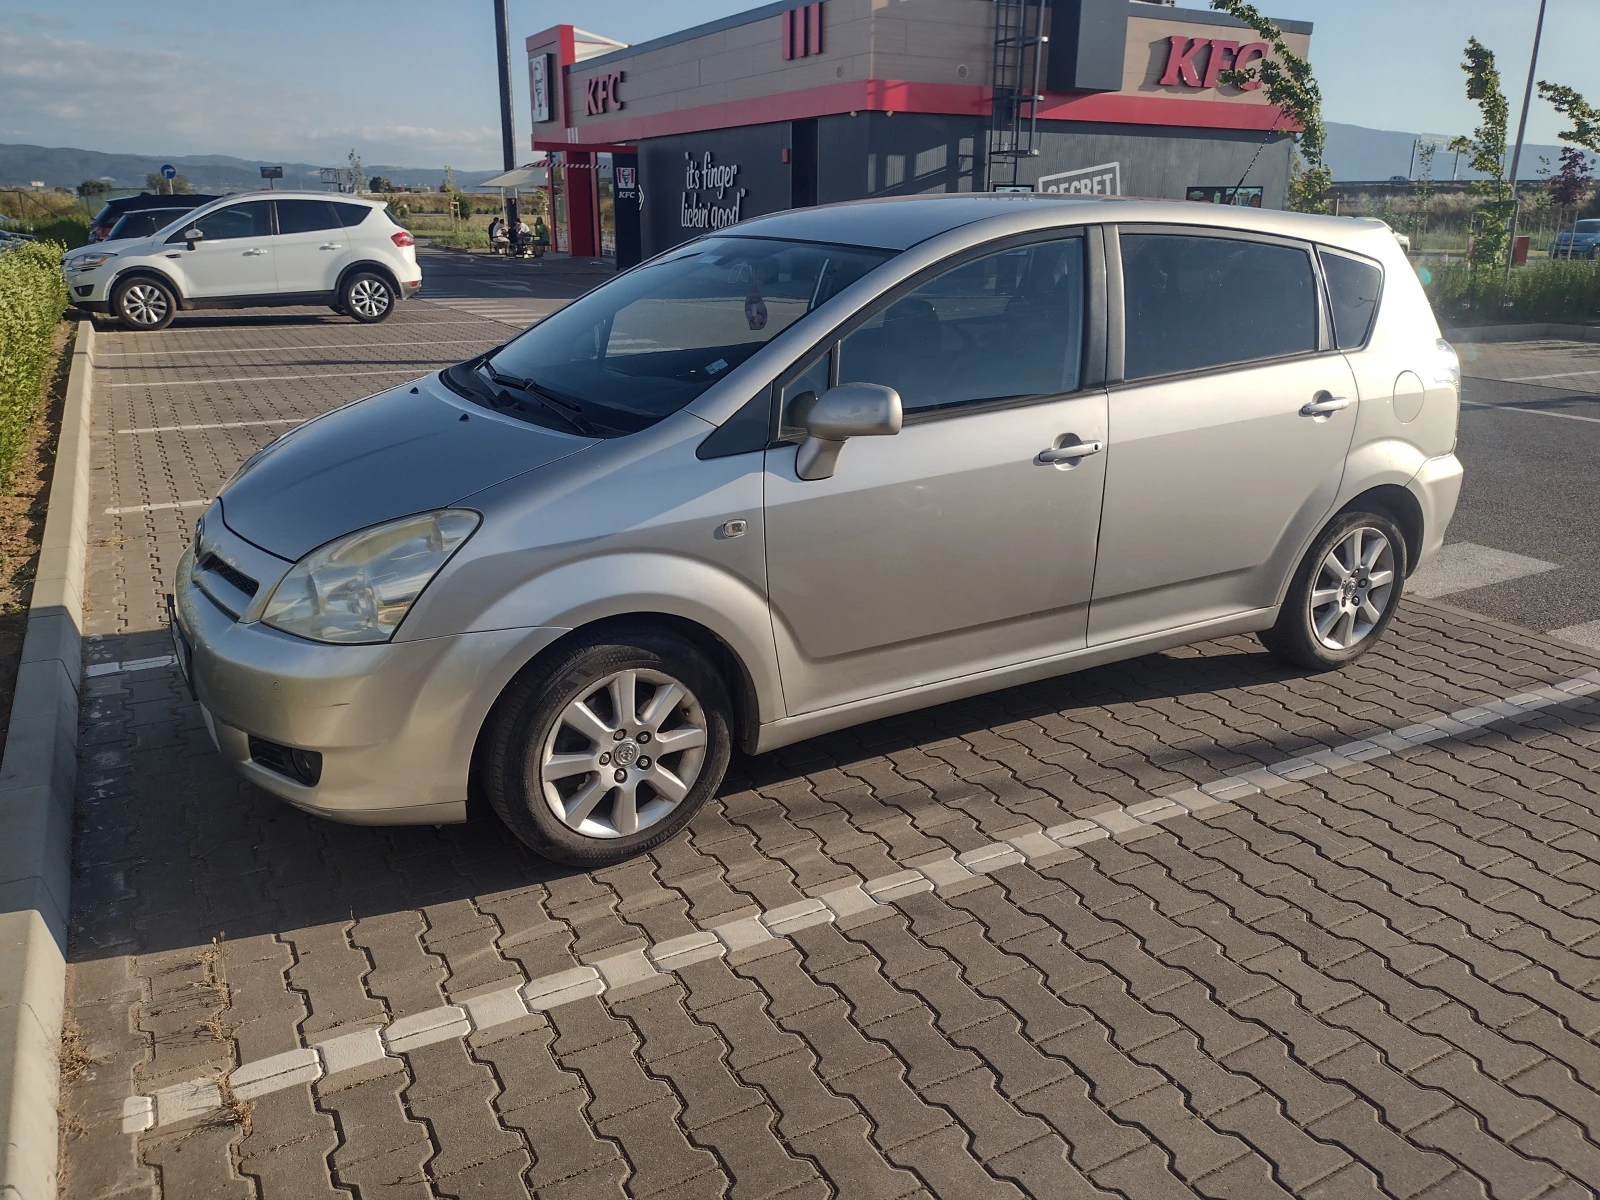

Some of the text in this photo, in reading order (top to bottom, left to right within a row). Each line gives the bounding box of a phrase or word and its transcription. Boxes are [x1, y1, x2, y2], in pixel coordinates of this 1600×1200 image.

[1160, 35, 1269, 91] KFC
[584, 70, 622, 116] KFC
[618, 191, 636, 199] KFC
[701, 150, 738, 200] finger
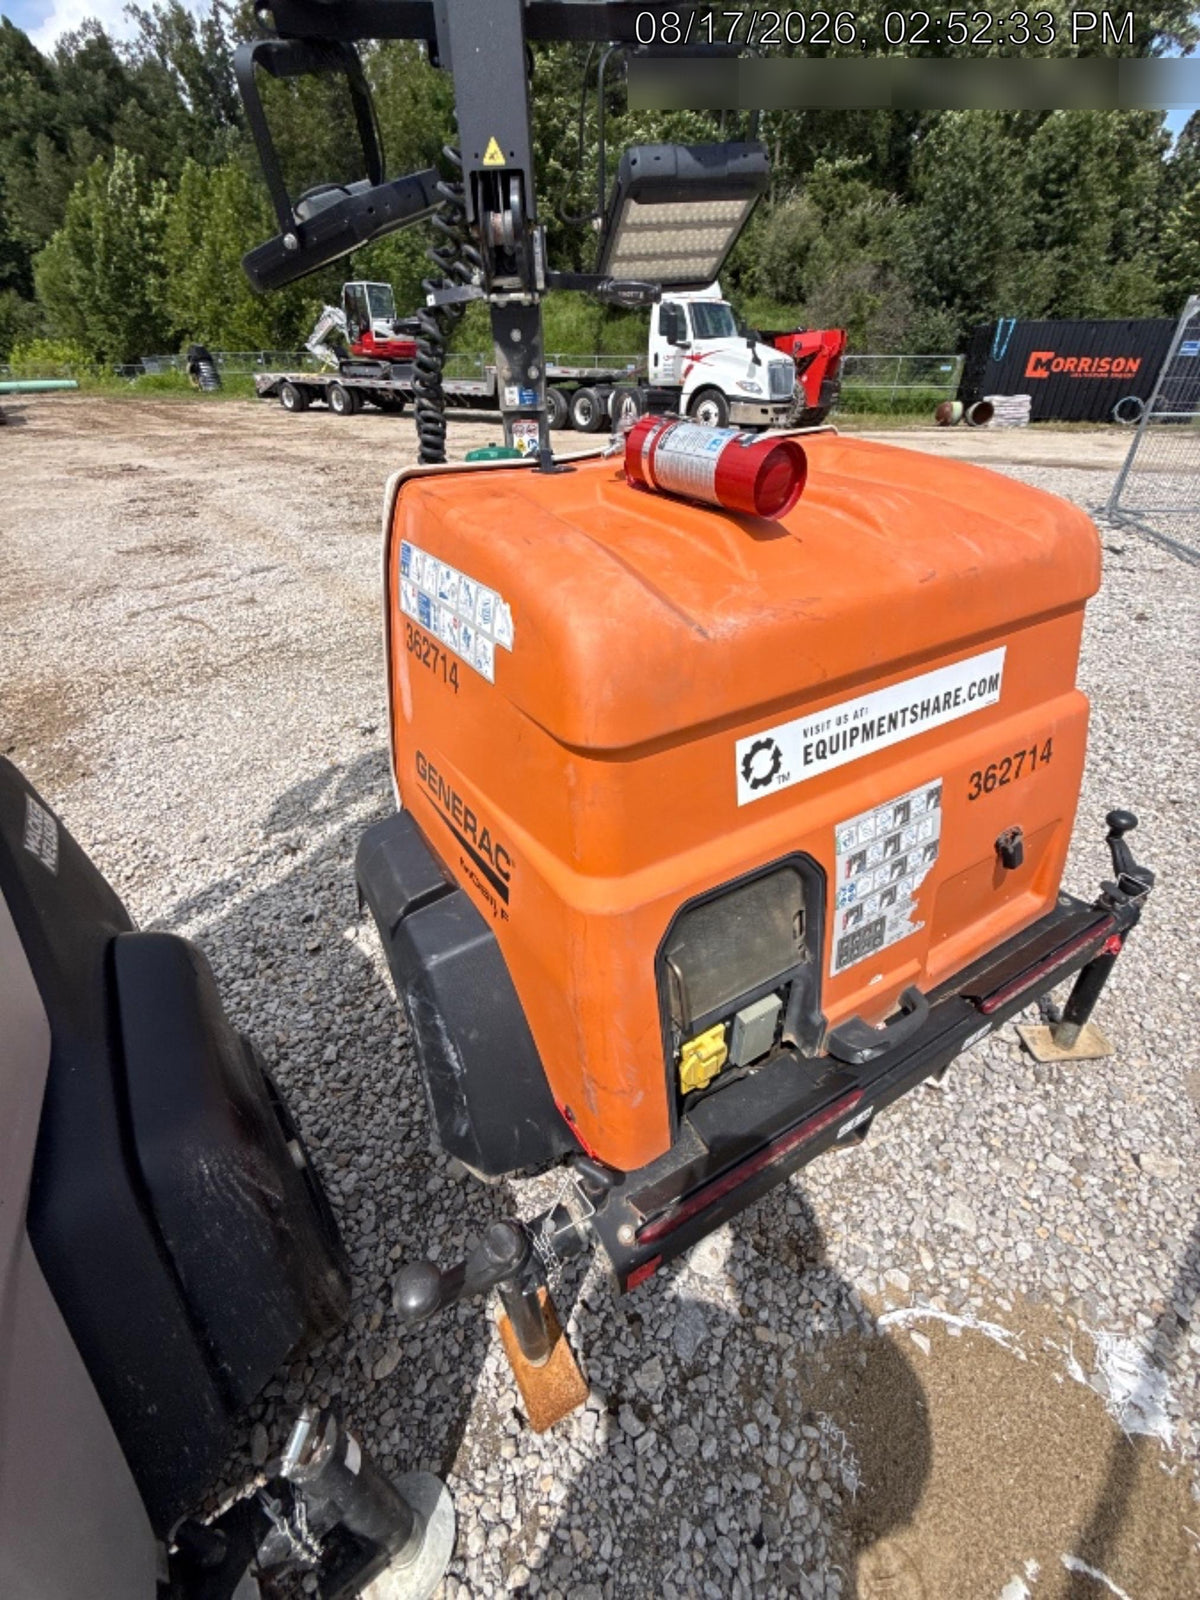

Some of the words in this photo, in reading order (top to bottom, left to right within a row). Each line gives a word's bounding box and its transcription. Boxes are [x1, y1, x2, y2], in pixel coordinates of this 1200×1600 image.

[1024, 351, 1142, 378] MORRISON
[405, 623, 459, 694] 362714
[802, 672, 1000, 766] EQUIPMENTSHARE.COM
[803, 719, 832, 739] VISIT
[836, 713, 850, 727] US
[853, 706, 869, 720] AT:
[967, 737, 1053, 801] 362714
[415, 749, 511, 882] GENERAC

Exercise details →
Would it be possible to copy the material exactly, excluding the images?

Task answer →
Some of the text in this photo, in reading order (top to bottom, left to right within a row). Each line gives the bounding box of a phrase or word and its transcription. Boxes are [x1, y1, x2, y2], in pixel coordinates of this 1600×1200 image.

[1160, 35, 1269, 91] KFC
[584, 70, 622, 116] KFC
[618, 191, 636, 199] KFC
[701, 150, 738, 200] finger

Some of the words in this photo, in reading order (top to bottom, left to right within a row). Each line gives a word's bounding box and its transcription. Boxes are [x1, y1, x2, y2], in pixel coordinates of this 1200×1600 image.

[1024, 351, 1142, 378] MORRISON
[405, 623, 459, 694] 362714
[802, 672, 1000, 766] EQUIPMENTSHARE.COM
[803, 719, 832, 739] VISIT
[836, 713, 850, 727] US
[853, 706, 869, 720] AT:
[967, 737, 1053, 801] 362714
[415, 749, 511, 882] GENERAC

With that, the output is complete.